Your goal. The result should be an exact copy of every record, with no pictures kept.

Records.
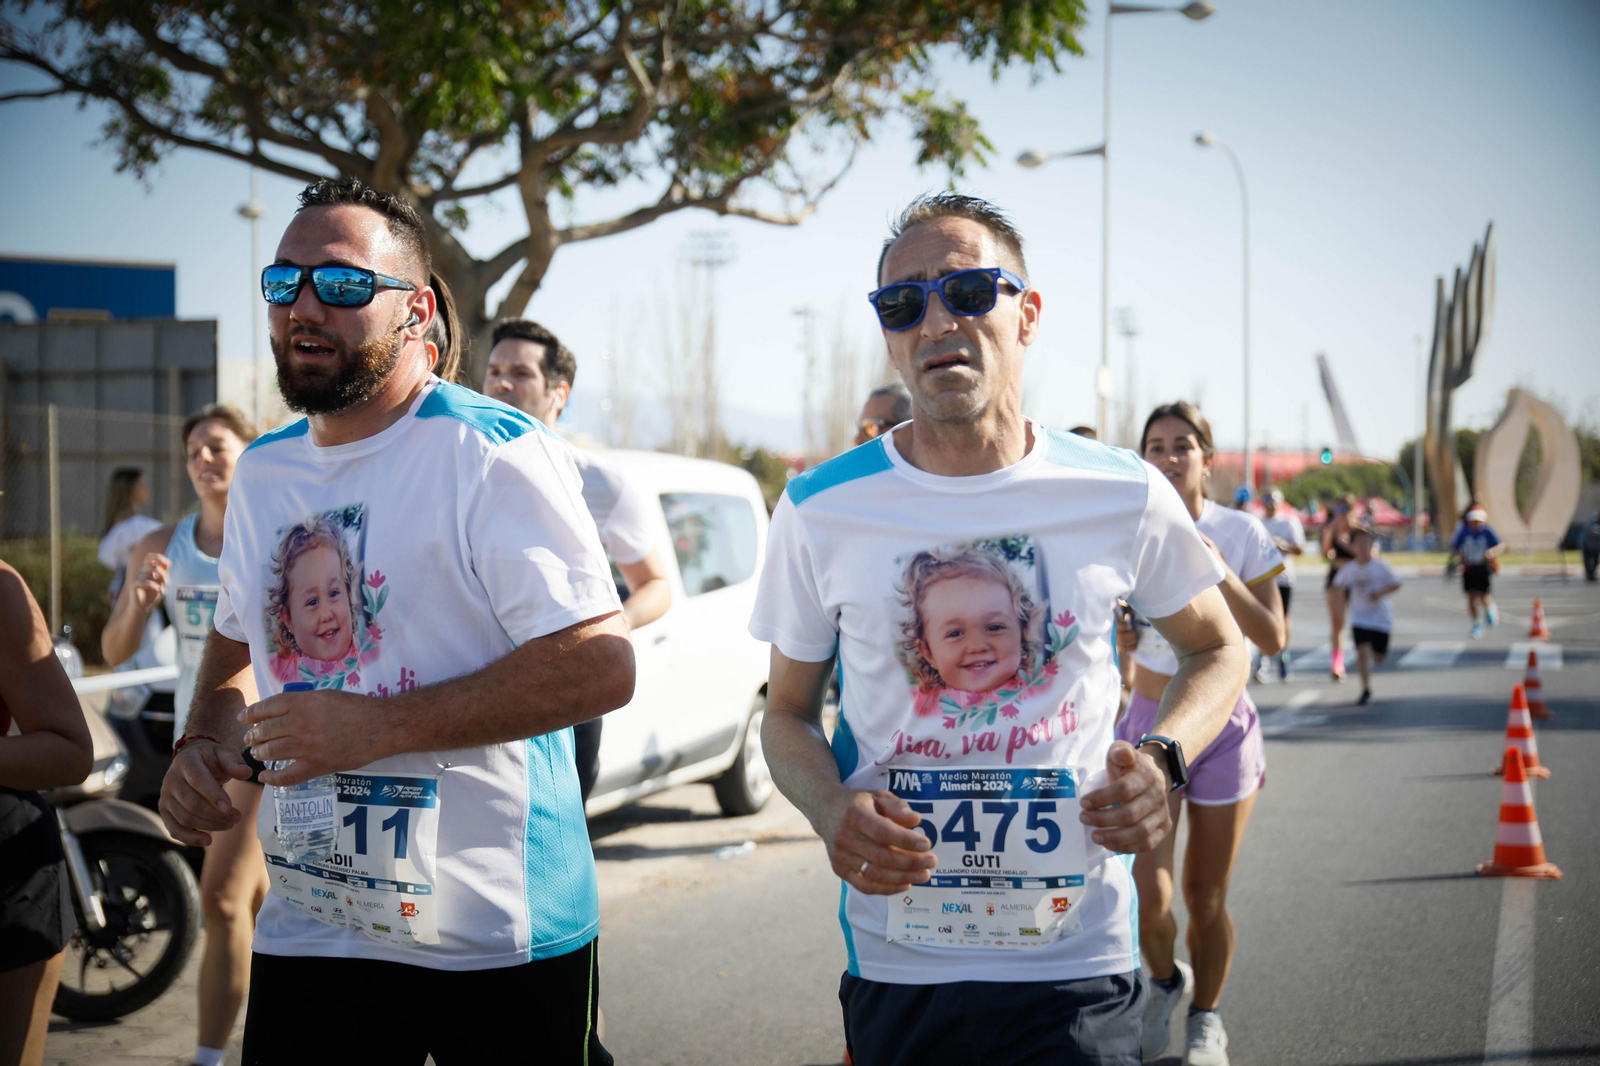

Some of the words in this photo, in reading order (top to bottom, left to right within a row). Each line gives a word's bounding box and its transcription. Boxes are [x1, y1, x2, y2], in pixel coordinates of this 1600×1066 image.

[962, 731, 1001, 755] va
[1006, 717, 1054, 764] por
[1057, 701, 1080, 735] ti
[939, 772, 968, 780] Medio
[971, 772, 1012, 780] Maratón
[343, 785, 372, 796] 2024
[940, 780, 981, 791] Almería
[982, 780, 1012, 791] 2024
[279, 797, 333, 817] SANTOLÍN
[335, 805, 410, 859] 11
[909, 800, 1061, 853] 5475
[962, 854, 1000, 868] GUTI
[330, 865, 351, 874] ASENSIO
[351, 868, 369, 876] PALMA
[311, 887, 338, 899] NEXAL
[356, 900, 385, 910] ALMERÍA
[941, 901, 973, 914] NEXAL
[1000, 903, 1033, 911] ALMERÍA

Your response.
Some of the words in this photo, in reading order (top to bottom, left to right within a row). Each line gives a word's bounding box and its transcription. Boxes are [x1, y1, x2, y2], in pixel coordinates of this 1600×1066 image.

[962, 731, 1001, 755] va
[1006, 717, 1054, 764] por
[1057, 701, 1080, 735] ti
[939, 772, 968, 780] Medio
[971, 772, 1012, 780] Maratón
[343, 785, 372, 796] 2024
[940, 780, 981, 791] Almería
[982, 780, 1012, 791] 2024
[279, 797, 333, 817] SANTOLÍN
[335, 805, 410, 859] 11
[909, 800, 1061, 853] 5475
[962, 854, 1000, 868] GUTI
[330, 865, 351, 874] ASENSIO
[351, 868, 369, 876] PALMA
[311, 887, 338, 899] NEXAL
[356, 900, 385, 910] ALMERÍA
[941, 901, 973, 914] NEXAL
[1000, 903, 1033, 911] ALMERÍA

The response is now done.